Subcellular partitioning of cadmium in the freshwater bivalve, Pyganodon grandis, after separate short-term exposures to waterborne or diet-borne metal

Abstract

The dynamics of cadmium uptake and subcellular partitioning were studied in laboratory experiments conducted on Pyganodon grandis, a freshwater unionid bivalve that shows promise as a biomonitor for metal pollution. Bivalves were collected from an uncontaminated lake, allowed to acclimate to laboratory conditions (≥25 days), and then either exposed to a low, environmentally relevant, concentration of dissolved Cd (5 nM; 6, 12 and 24 h), or fed Cd-contaminated algae (∼70 nmol Cd g −1 dry weight; 4 × 4 h). In this latter case, the bivalves were allowed to depurate for up to 8 days after the end of the feeding phase. As anticipated, the gills were the main target organ during the aqueous Cd exposure whereas the intestine was the initial site of Cd accumulation during the dietary exposure; during the subsequent depuration period, the dietary Cd accumulated in both the digestive gland and in the gills.

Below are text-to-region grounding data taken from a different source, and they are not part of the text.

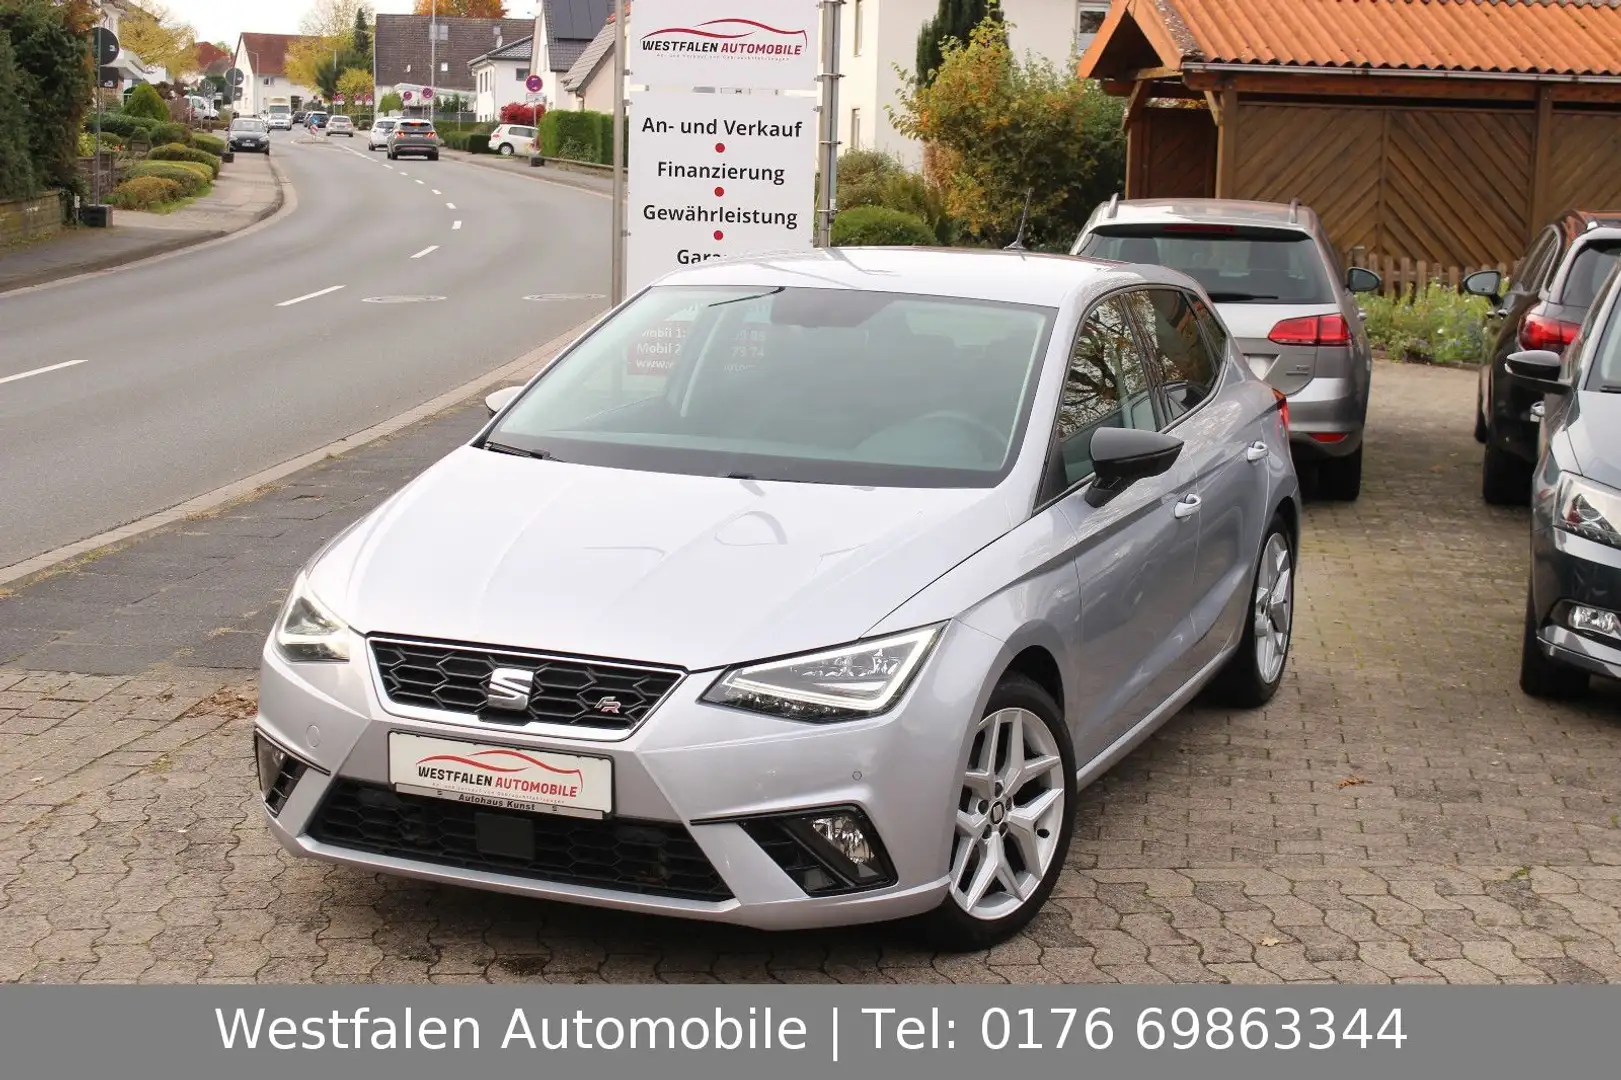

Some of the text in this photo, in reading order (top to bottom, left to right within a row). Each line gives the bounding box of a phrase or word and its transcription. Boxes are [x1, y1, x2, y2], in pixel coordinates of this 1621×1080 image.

[642, 40, 802, 56] WESTFALEN AUTOMOBILE
[641, 117, 803, 138] An- und Verkauf
[657, 161, 785, 186] Finanzierung
[642, 204, 798, 230] Gewährleistung
[418, 766, 578, 798] WESTFALEN AUTOMOBILE
[458, 793, 536, 812] Autohaus Kunst
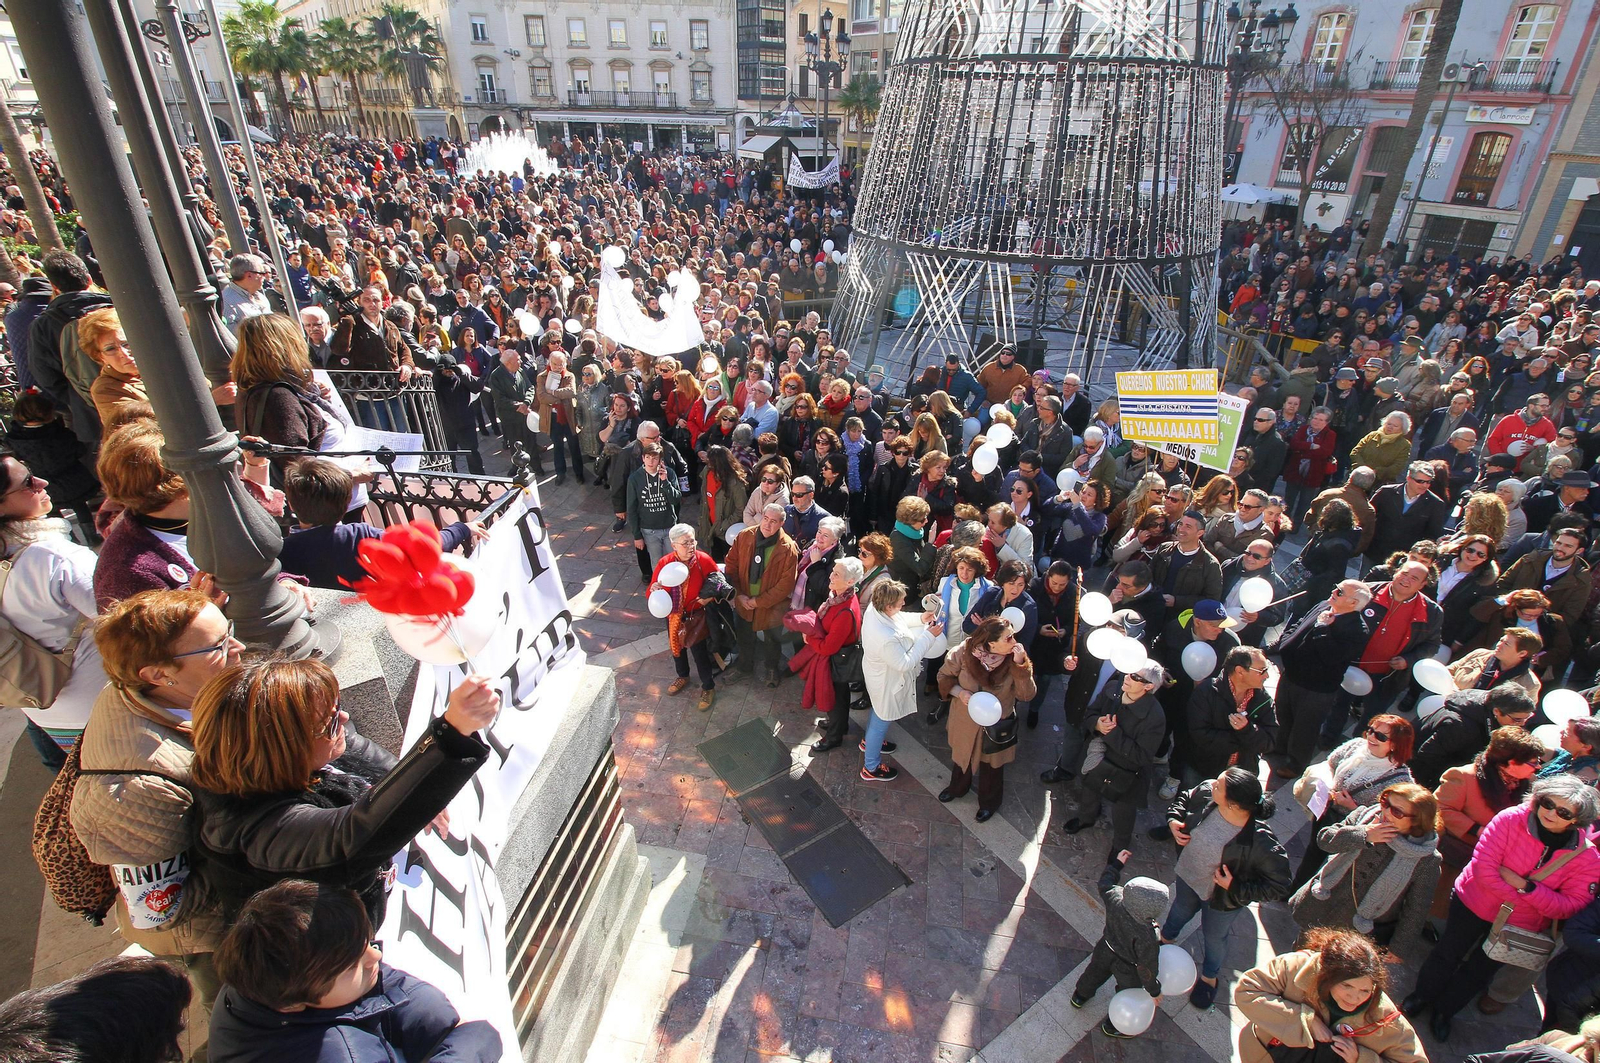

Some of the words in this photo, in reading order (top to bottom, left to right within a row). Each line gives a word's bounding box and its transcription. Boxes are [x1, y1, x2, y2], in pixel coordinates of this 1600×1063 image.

[1315, 164, 1329, 178] SE
[1323, 180, 1331, 190] 14
[1329, 181, 1338, 191] 20
[1119, 375, 1153, 391] QUEREMOS
[1155, 374, 1188, 391] NUESTRO
[1190, 373, 1215, 391] CHARE
[1136, 403, 1154, 412] ISLA
[1154, 404, 1192, 413] CRISTINA
[1165, 442, 1197, 460] MEDIOS
[122, 851, 189, 887] ANIZA
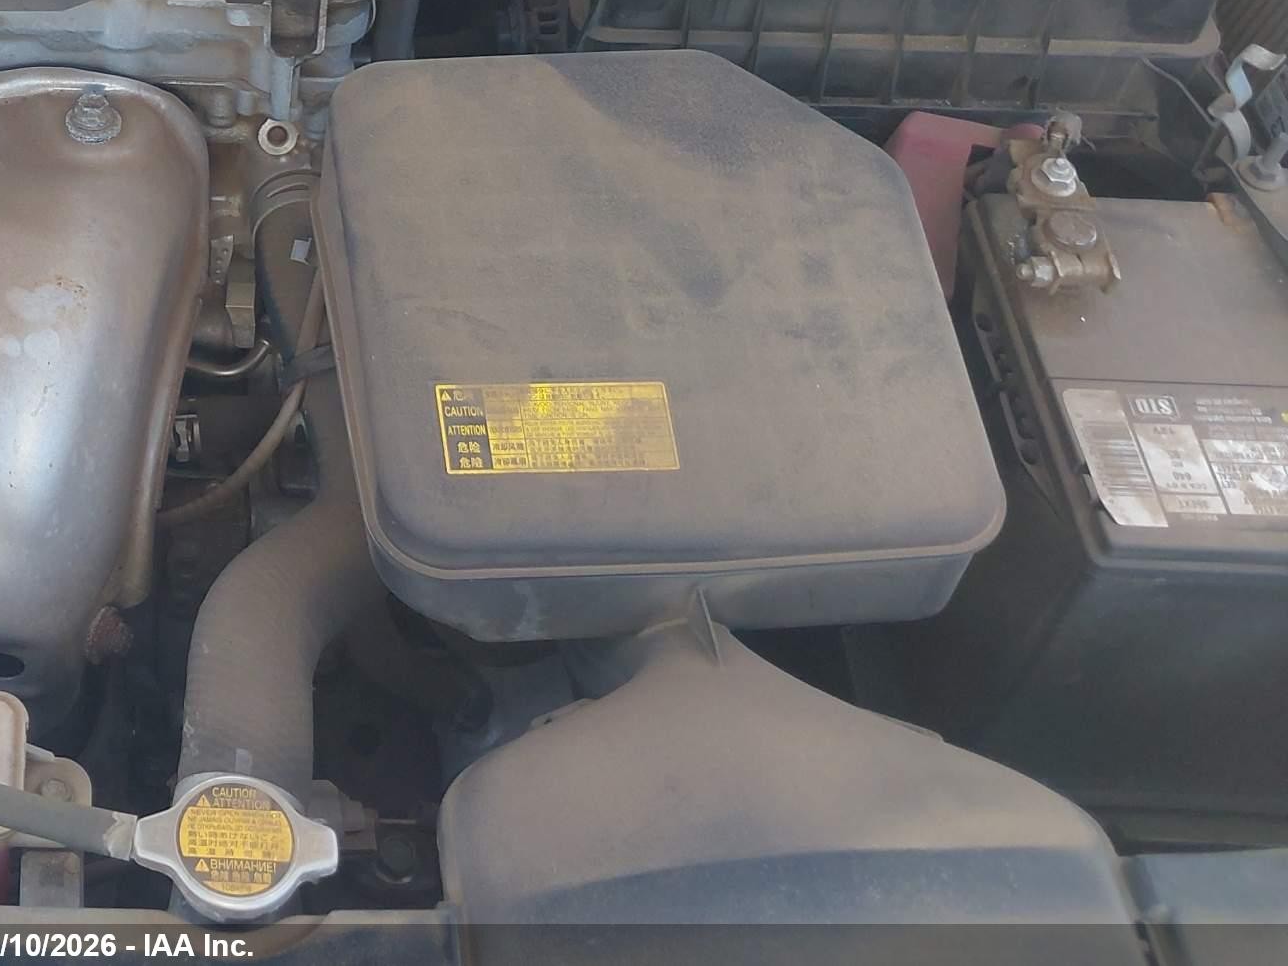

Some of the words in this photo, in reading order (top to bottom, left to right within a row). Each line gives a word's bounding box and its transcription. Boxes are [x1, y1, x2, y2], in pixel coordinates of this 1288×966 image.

[444, 405, 484, 418] CAUTION
[447, 424, 486, 436] ATTENTION
[212, 786, 257, 800] CAUTION
[212, 798, 271, 811] ATTENTION
[210, 858, 277, 874] ВНИМАНИЕ!

For the gills, the distribution of Cd among the subcellular fractions (i.e., granules > heat-denatured proteins (HDP) ∼ heat-stable proteins (HSP) > mitochondria ∼ lysosomes + microsomes) was insensitive to the exposure route; both waterborne and diet-borne Cd ended up largely bound to the granule fraction. The subcellular distribution of Cd in the digestive gland differed markedly from that in the gills (HDP > HSP ∼ granules ∼ mitochondria > lysosomes + microsomes), but as in the case of the gills, this distribution was relatively insensitive to the exposure route. For both the gills and the digestive gland, the subcellular distributions of Cd differed from those observed in native bivalves that are chronically exposed to Cd in the field – in the short-term experimental exposures of P. grandis, metal detoxification was less effective than in chronically exposed native bivalves.